[Guide] Quantize your Diffusion Models with `bnb` #10012

ariG23498 · 2024-11-25T08:41:01Z

This PR adds a guide on quantization of diffusion models using bnb and diffusers

Here is a colab notebook for easy code access

stevhliu

Very nice start! 👏

I think you can combine this guide with the existing one here since there is quite a bit of overlap between the two. Here are some general tips for doing that:

Keep the introduction in the existing guide but add a few sentences that adapts it to quantizing Flux.1-dev with bitsandbytes so you can run it on hardware with less than 16GB of memory. I think most users at this point have a general idea of what quantization is (and it is also covered in the getting started), so we don't need to spend more time on what it is/why it is important. The focus is more on bitsandbytes than quantization in general.
I don't think it's necessary to have a section for showing how to use an unquantized model. Users are probably more eager to see how they can use a quantized model and getting them there as quickly as possible would be better.
Combine the 8-bit quantization section with the existing one here.
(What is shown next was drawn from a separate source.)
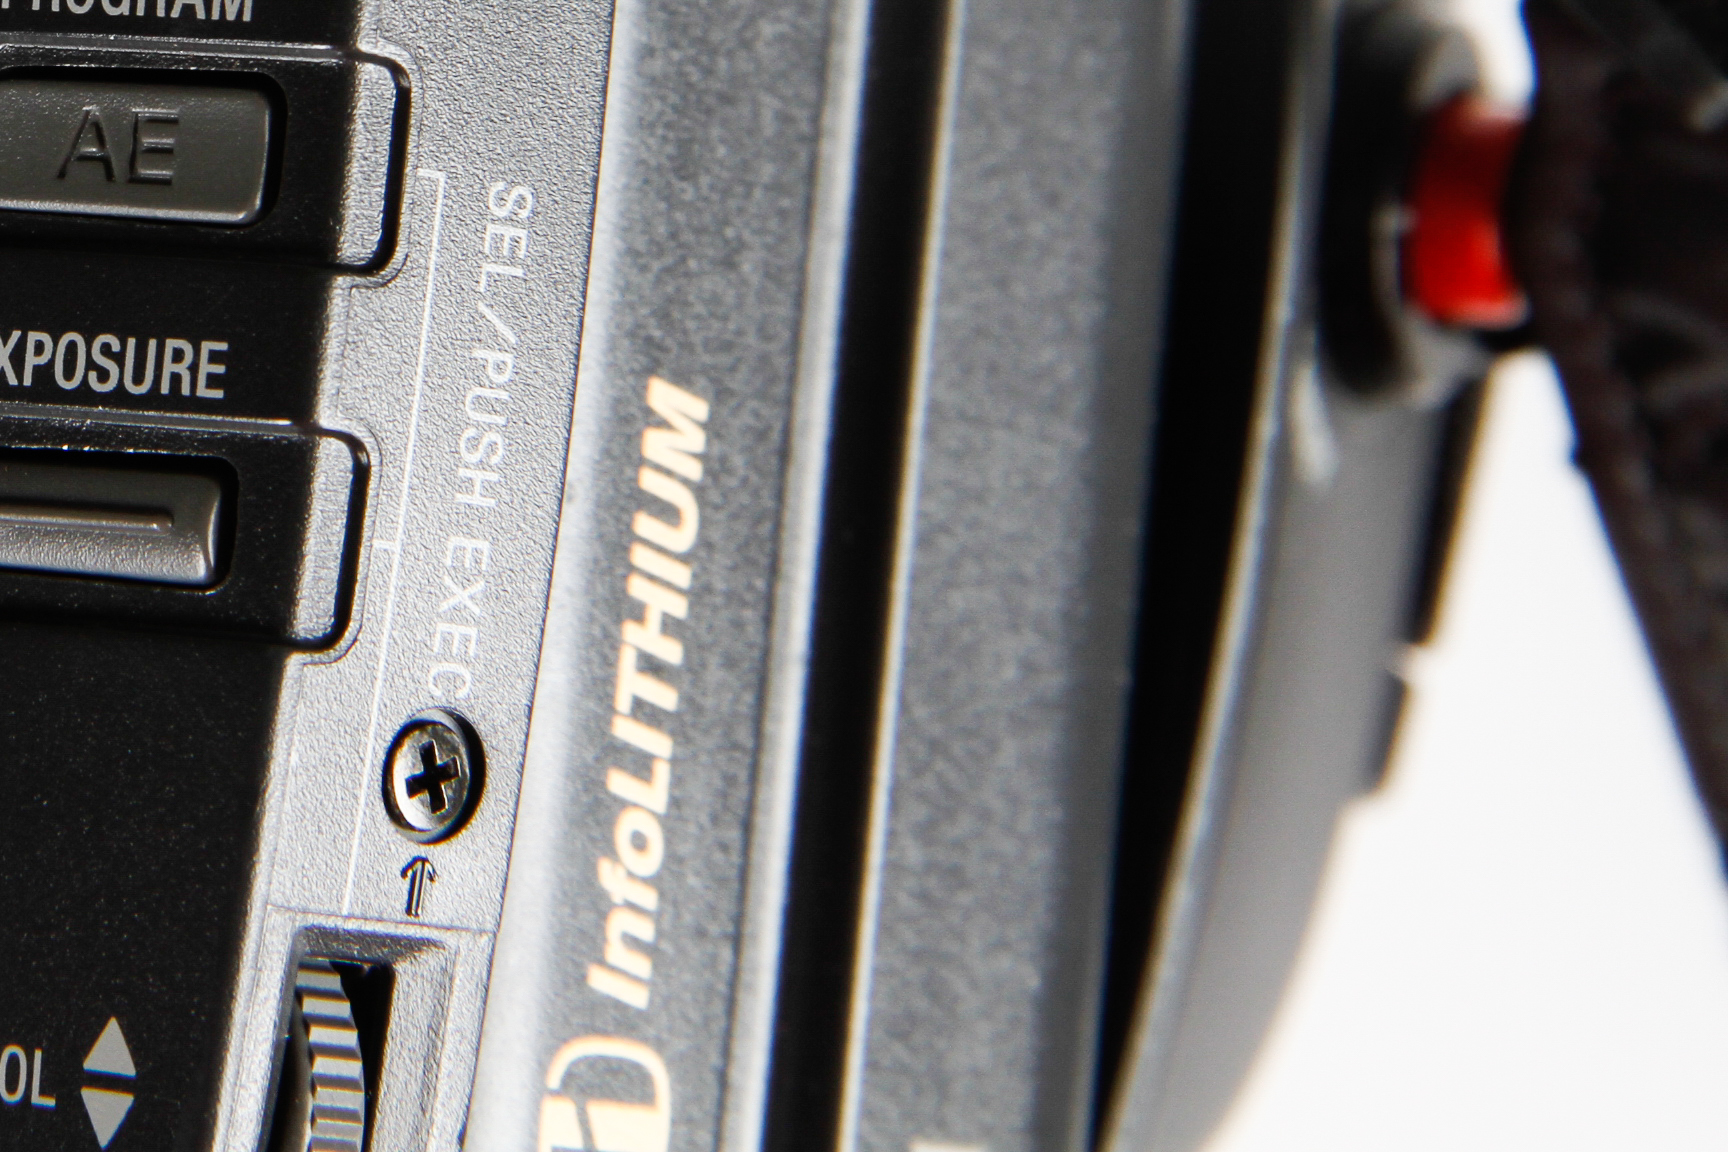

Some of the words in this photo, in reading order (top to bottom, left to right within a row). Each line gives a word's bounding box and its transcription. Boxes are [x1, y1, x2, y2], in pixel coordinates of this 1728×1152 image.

[56, 104, 179, 185] AE
[454, 181, 533, 508] SEL/PUSH
[427, 536, 491, 700] EXEC
[585, 375, 711, 1011] InfoLITHIUM
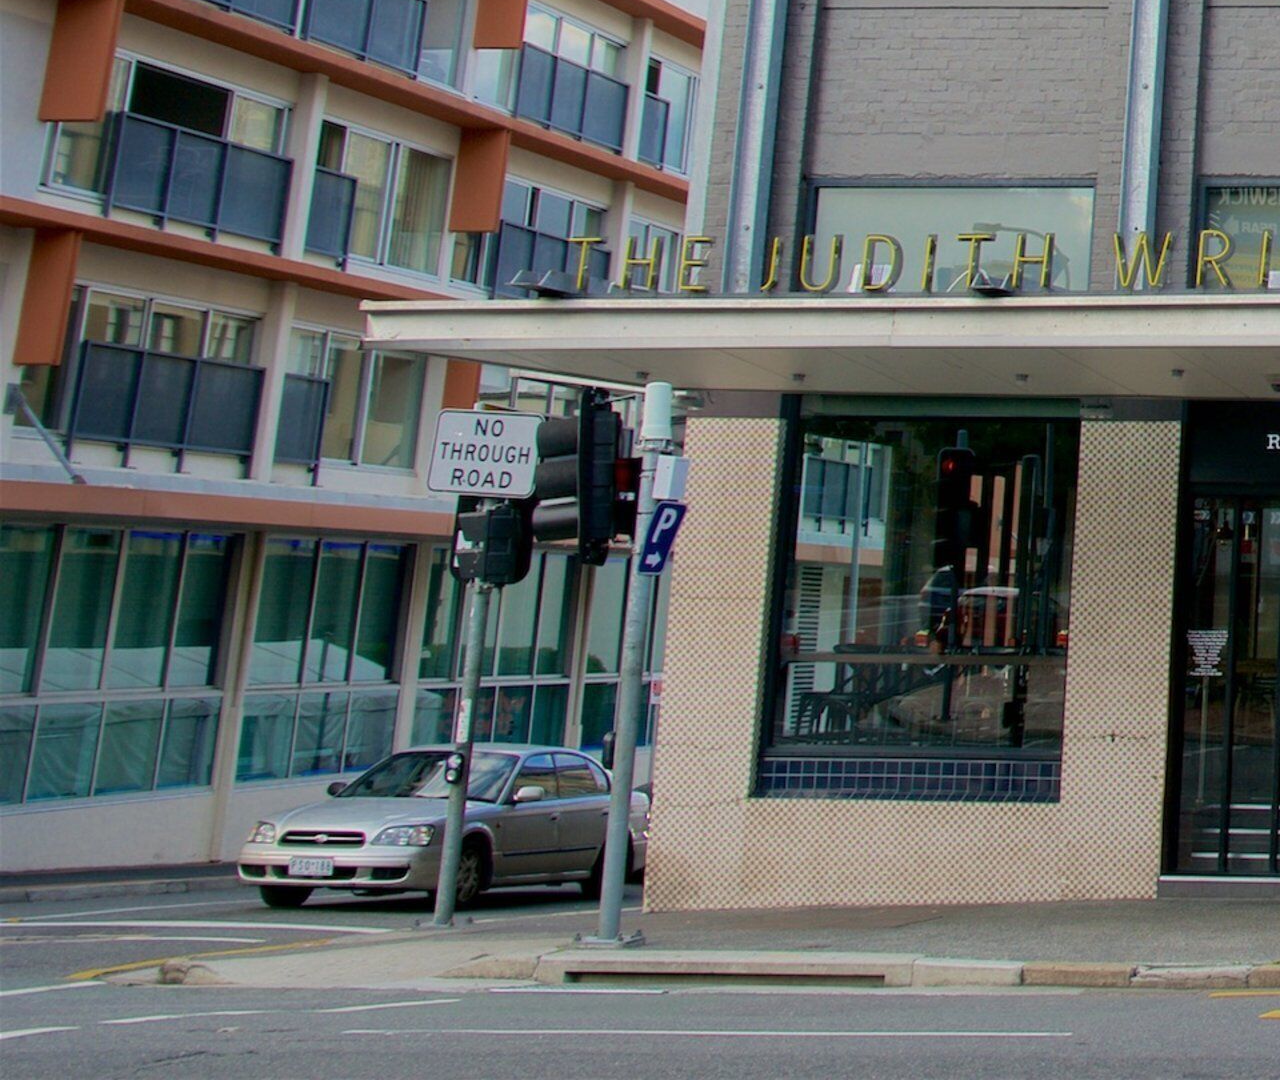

You can add here about how you're quantizing both the T5EncoderModel and FluxTransformer2DModel, what the low_cpu_mem_usage and device_map (if you have more than one GPU) parameter do.
You can do the same thing with the 4-bit section. Combine it with the existing one and add a few lines explaining the parameters.
Combine the NF4 quantization section with the one here.
Lead with the visualization in the method comparison section. Most users probably aren't too interested in comparing and running all this code themselves, so it's more impactful to lead with the results first.

docs/source/en/quantization/quant_bnb.md

pcuenca

Suggested some nits. Greatly agree with @stevhliu's comments and recommendations.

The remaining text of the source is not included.